Given a 2D tensor, compute:
- `total_sum`: Sum of all elements
- `row_mean`: Mean of each row (result should have shape (3,))
- `col_max`: Maximum of each column (result should have shape (4,))

In [15]:
data = torch.tensor([[1.0, 2.0, 3.0, 4.0],
                     [5.0, 6.0, 7.0, 8.0],
                     [9.0, 10.0, 11.0, 12.0]])  # shape (3, 4)

# YOUR CODE HERE
total_sum = data.sum()
row_mean = data.mean(dim=1)  # Mean along dim=1 (columns), result shape (3,)
col_max = data.max(dim=0).values   # Max along dim=0 (rows), result shape (4,)

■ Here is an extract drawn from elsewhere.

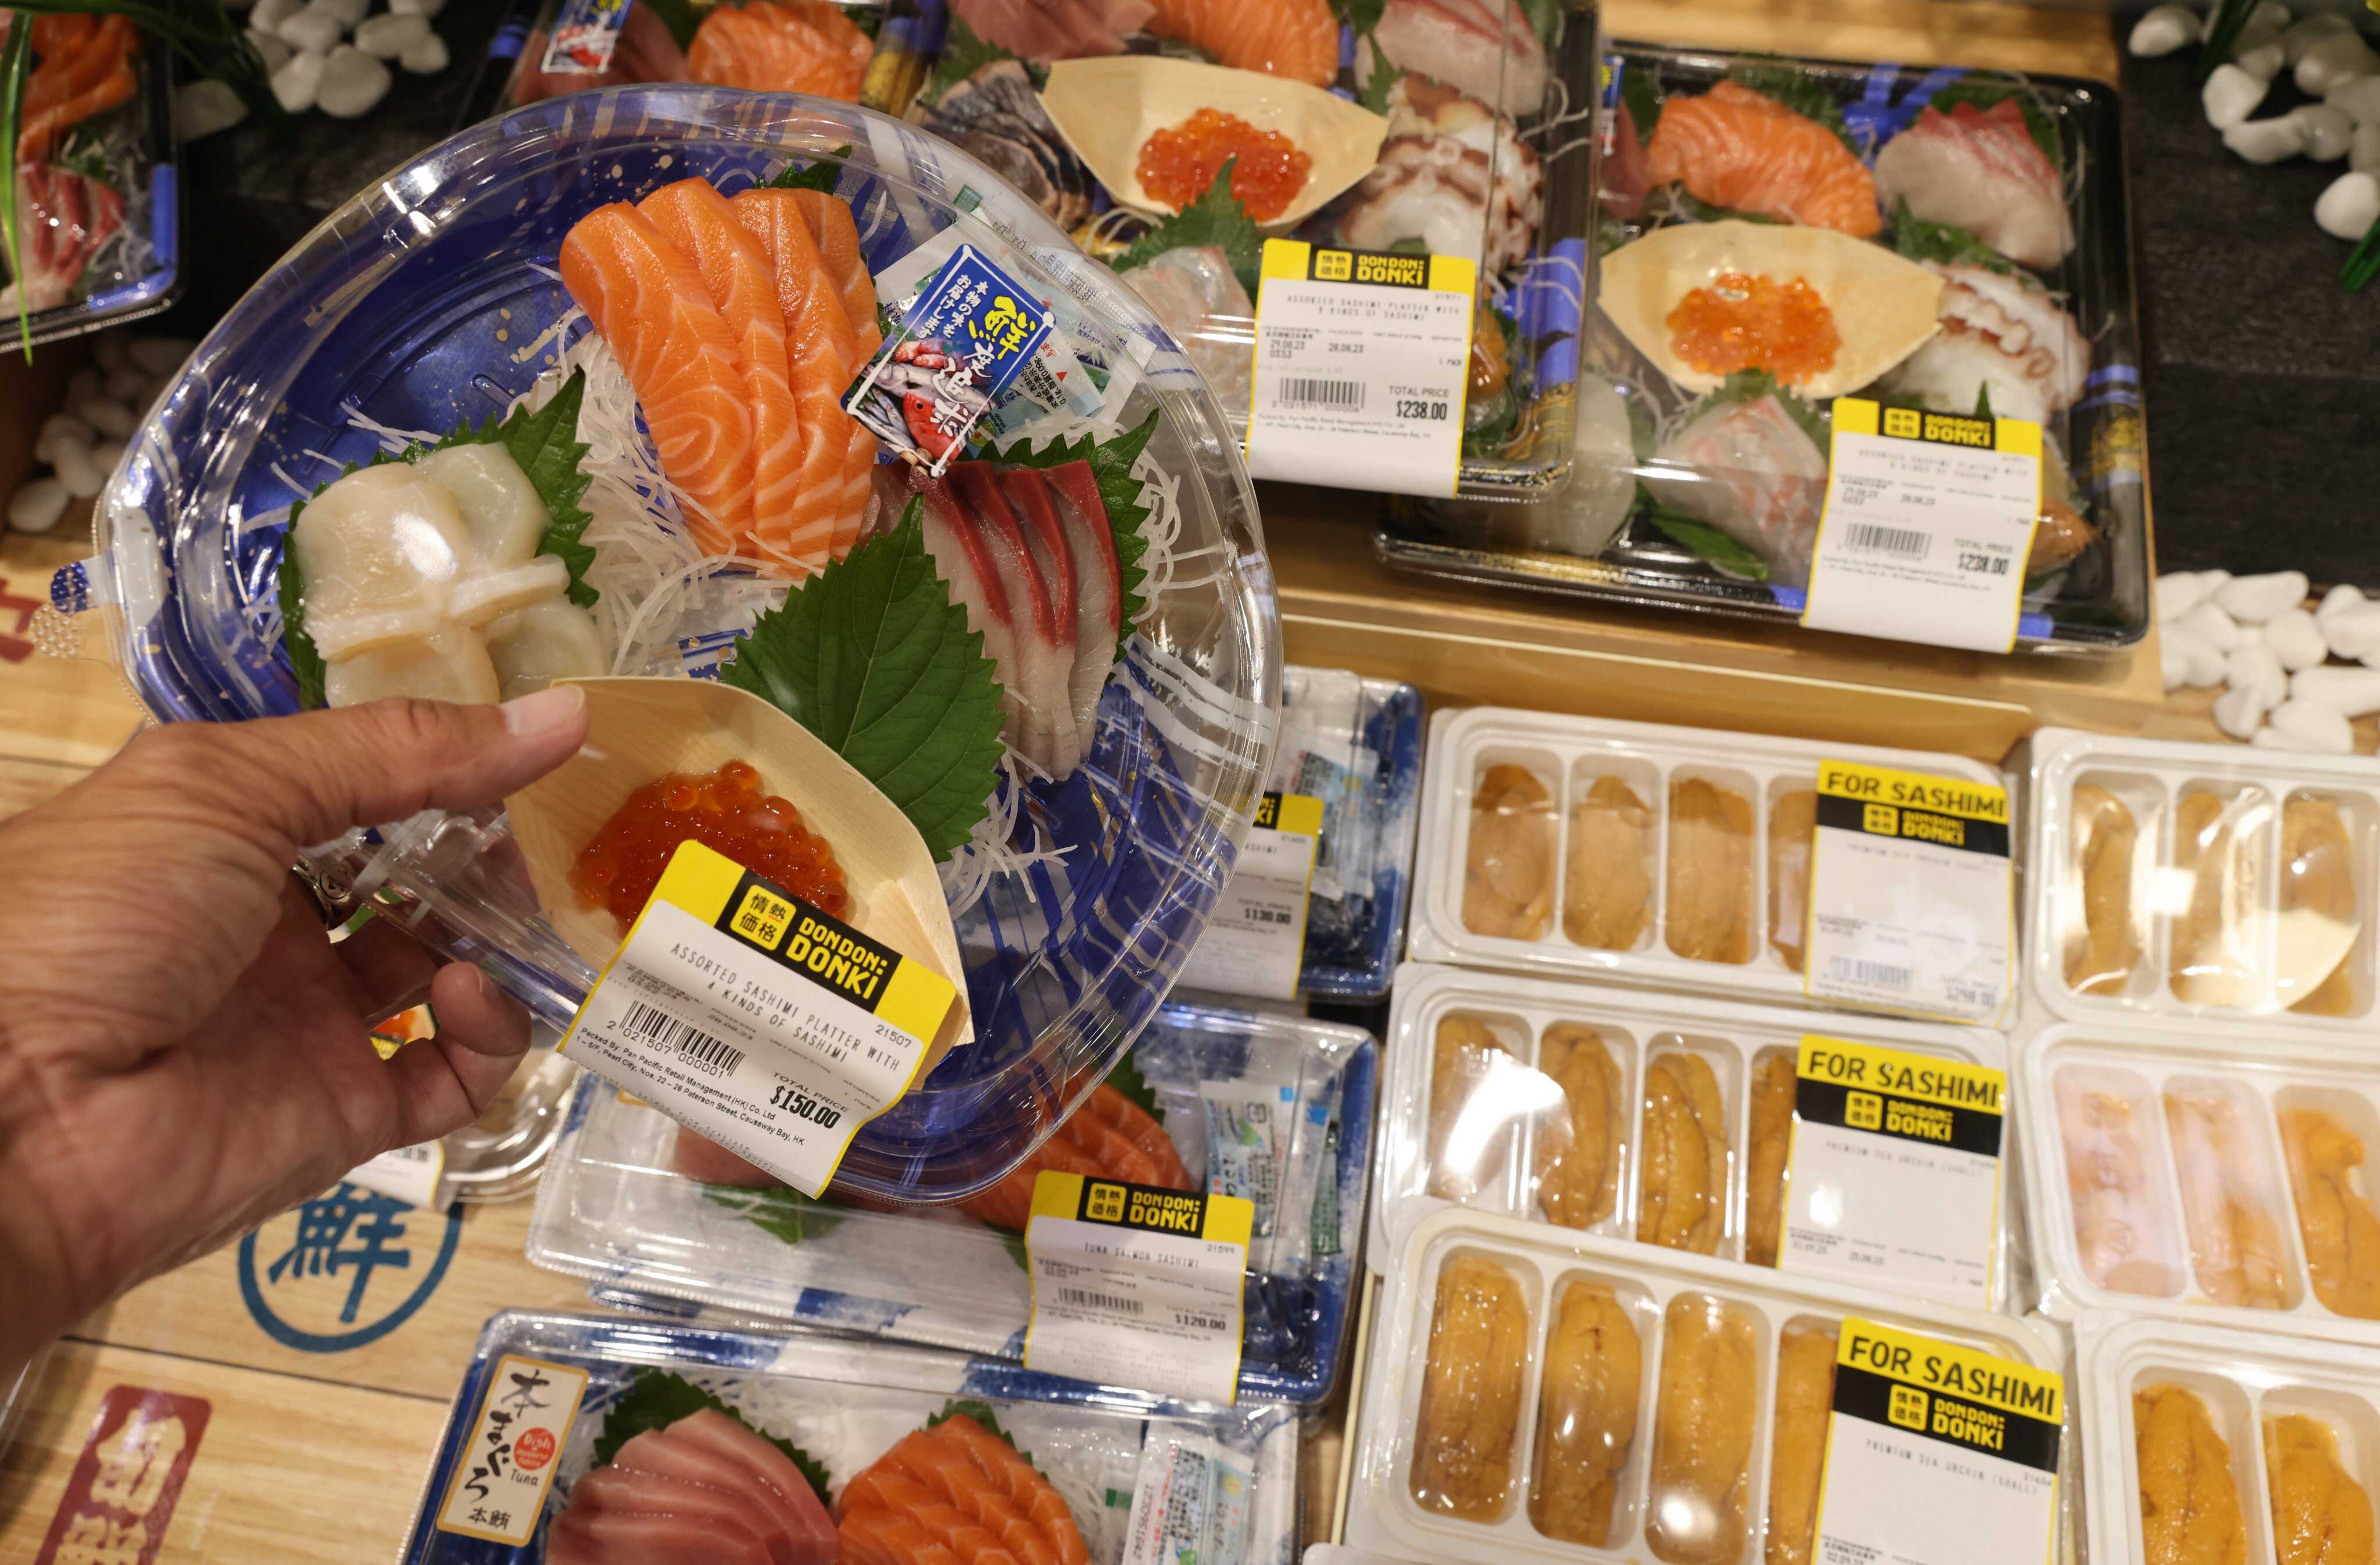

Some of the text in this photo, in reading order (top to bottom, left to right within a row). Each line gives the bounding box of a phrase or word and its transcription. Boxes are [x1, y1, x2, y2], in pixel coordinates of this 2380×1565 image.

print(f"Total sum: {total_sum}")
print(f"Row means: {row_mean}")
print(f"Column maxes: {col_max}")

Total sum: 78.0
Row means: tensor([ 2.5000,  6.5000, 10.5000])
Column maxes: tensor([ 9., 10., 11., 12.])


In [16]:
# Verification
assert total_sum == 78.0, f"total_sum should be 78.0, got {total_sum}"
assert torch.equal(row_mean, torch.tensor([2.5, 6.5, 10.5])), "row_mean is incorrect"
assert torch.equal(col_max, torch.tensor([9.0, 10.0, 11.0, 12.0])), "col_max is incorrect"
print("2.3 Passed!")

2.3 Passed!


---
## Exercise 3: Reshaping

Practice reshaping tensors, understanding views vs copies, and using squeeze/unsqueeze.

### 3.1 Reshape tensors

Given a 1D tensor with 12 elements, reshape it to:
- `reshaped_3x4`: Shape (3, 4)
- `reshaped_2x6`: Shape (2, 6)
- `reshaped_auto`: Shape (4, -1) - let PyTorch infer the second dimension

In [17]:
original = torch.arange(12)  # [0, 1, 2, ..., 11]

# YOUR CODE HERE
reshaped_3x4 = original.view(3, 4)
reshaped_2x6 = original.view(2, 6)
reshaped_auto = original.view(4, 3)  # Shape should be (4, 3)

print(f"Original: {original}")
print(f"Reshaped to (3, 4):\n{reshaped_3x4}")
print(f"Reshaped to (2, 6):\n{reshaped_2x6}")
print(f"Reshaped to (4, ?): {reshaped_auto.shape}\n{reshaped_auto}")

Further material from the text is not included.